Questo grafico mette in scena uno dei paradossi più scomodi dello sviluppo prodotto: quando l’incertezza è massima, è proprio il momento in cui bisogna prendere le decisioni più importanti.
Eppure quella parte iniziale del percorso raramente compare nei Gantt, nei business case o nei piani di progetto.
Per chi lavora nello sviluppo prodotto, invece, rappresenta la normalità.
Tentativi.
Ipotesi.
Ripensamenti.
Strade che sembravano promettenti e che si rivelano vicoli ciechi.
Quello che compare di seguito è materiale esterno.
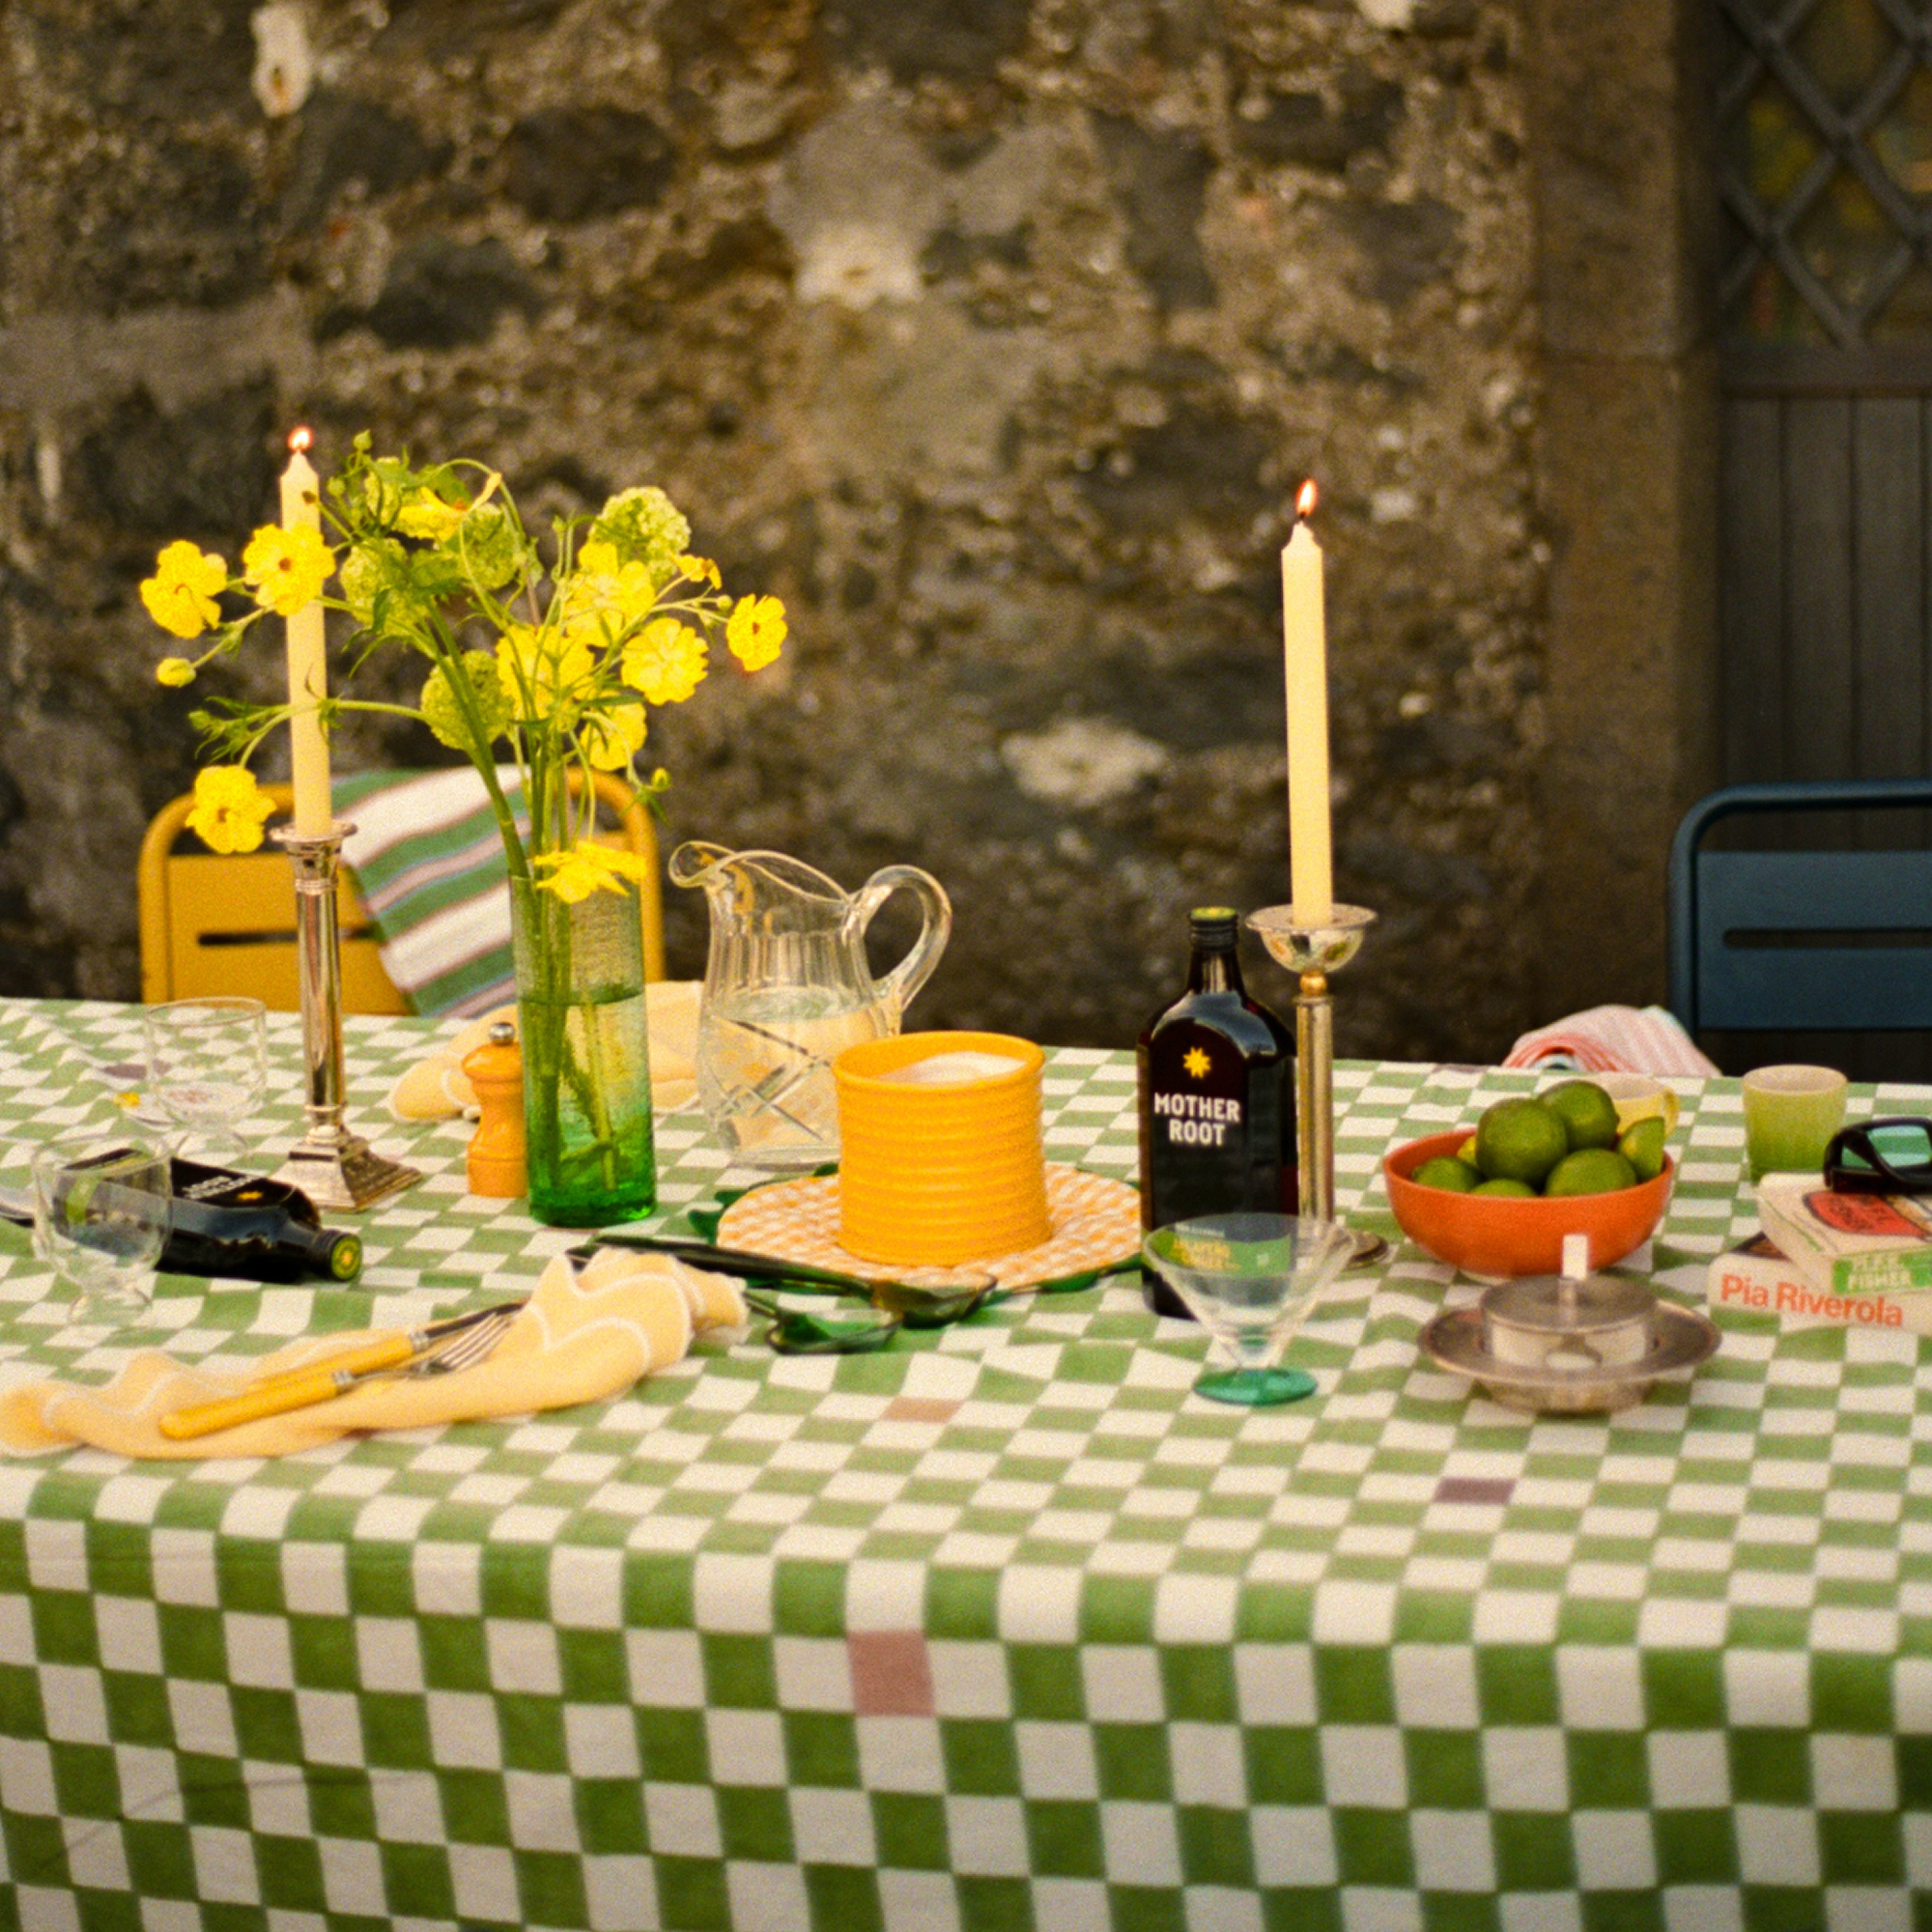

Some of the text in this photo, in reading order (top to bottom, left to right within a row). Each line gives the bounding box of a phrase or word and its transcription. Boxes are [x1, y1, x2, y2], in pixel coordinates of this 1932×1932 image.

[1153, 1093, 1241, 1122] MOTHER
[1169, 1118, 1226, 1147] ROOT
[1720, 1273, 1903, 1327] Pia Riverola
Eppure è proprio lì che nasce il valore.
Lo sviluppo di un nuovo prodotto non è una sequenza ordinata di attività. È un processo progressivo di riduzione dell’incertezza.
All’inizio sappiamo poco.
Non sappiamo se il problema che vogliamo risolvere è davvero rilevante.
Non sappiamo se la soluzione sarà accettata dal mercato.
Non sappiamo se saremo in grado di industrializzarla.
Non sappiamo nemmeno se il modello economico reggerà una volta superata la fase prototipale.
Con il passare del tempo l’incertezza diminuisce.
Ma non diminuisce da sola.
Richiede esplorazione, apprendimento, confronto e, inevitabilmente, qualche errore.
Ed è qui che molte organizzazioni entrano in difficoltà.
Non perché manchino le competenze tecniche.
Ma perché si trovano ad affrontare una serie di paradossi.
• Investire risorse senza la certezza di un ritorno.
• Togliere attenzione a prodotti che oggi generano fatturato.
• Mettere in discussione soluzioni che hanno avuto successo.
• Accettare che le risposte non siano disponibili all’inizio del percorso.
• Proteggere chi sta esplorando invece di chiedergli certezze premature.
Più un’azienda ha successo, più questi paradossi diventano difficili da gestire.
Perché il business esistente tende naturalmente a difendere sé stesso.
In questi giorni penso spesso a chi sta guidando il progetto della nuova Ferrari elettrica.
Non vorrei essere l’uomo prodotto di Ferrari in questo momento.
Da una parte c’è un marchio costruito attorno a valori fortissimi: motore termico, sound, meccanica, emozione.
Dall’altra c’è la necessità di esplorare un futuro che potrebbe mettere in discussione proprio quei paradigmi.
Qualunque scelta venga fatta genera incertezza.
Se cambi troppo, rischi di tradire ciò che ti ha reso grande.
Se cambi troppo poco, rischi di diventare irrilevante.
È il paradosso che accompagna ogni innovazione significativa.
Per questo guardo con una certa diffidenza chi pretende che un percorso di sviluppo prodotto sia lineare, prevedibile e completamente pianificabile.
Le innovazioni che contano nascono quasi sempre in una zona di tensione.
Una zona in cui il futuro non è ancora chiaro, il mercato è diviso e le risposte definitive non esistono.
Lo sviluppo prodotto, in fondo, non consiste nel costruire funzionalità.
Consiste nel trasformare, in modo disciplinato, l’incertezza in conoscenza.
E la qualità di un sistema di sviluppo si misura proprio da questo:
La domanda è: la tua organizzazione è davvero progettata per fare questo?
Quanto velocemente riesce a ridurre l’incertezza senza compromettere il business che lo sostiene?